Required work. Your answer should be the records, copied exactly, with the pictures removed.

Dataset records.
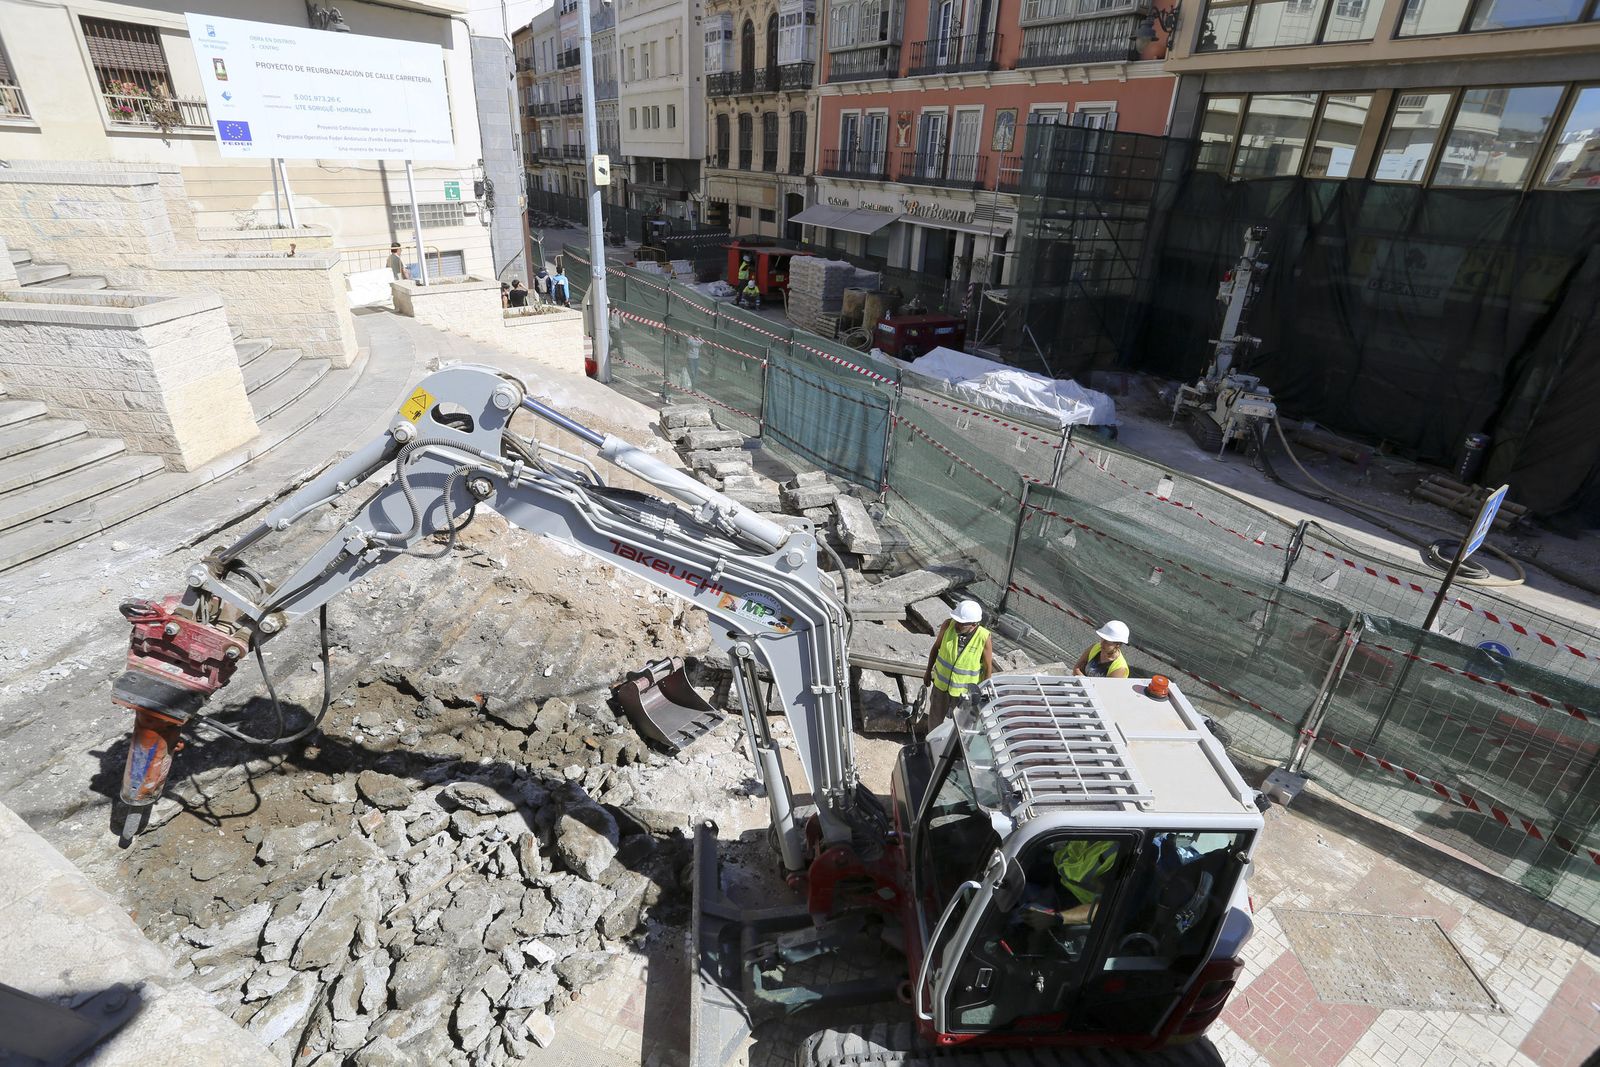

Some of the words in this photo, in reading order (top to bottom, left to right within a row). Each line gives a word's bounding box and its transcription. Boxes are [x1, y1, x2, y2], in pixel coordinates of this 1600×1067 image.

[255, 61, 293, 72] PROYECTO
[295, 65, 304, 73] DE
[306, 65, 364, 78] REURBANIZACIÓN
[365, 71, 374, 79] DE
[375, 72, 394, 81] CALLE
[395, 74, 432, 84] CARRETERÍA
[276, 133, 303, 141] Programa

Task answer.
Some of the words in this photo, in reading order (top to bottom, left to right within a row). Each line gives a word's bounding box and its transcription. Boxes are [x1, y1, x2, y2], in pixel coordinates of this 1600×1067 image.

[255, 61, 293, 72] PROYECTO
[295, 65, 304, 73] DE
[306, 65, 364, 78] REURBANIZACIÓN
[365, 71, 374, 79] DE
[375, 72, 394, 81] CALLE
[395, 74, 432, 84] CARRETERÍA
[276, 133, 303, 141] Programa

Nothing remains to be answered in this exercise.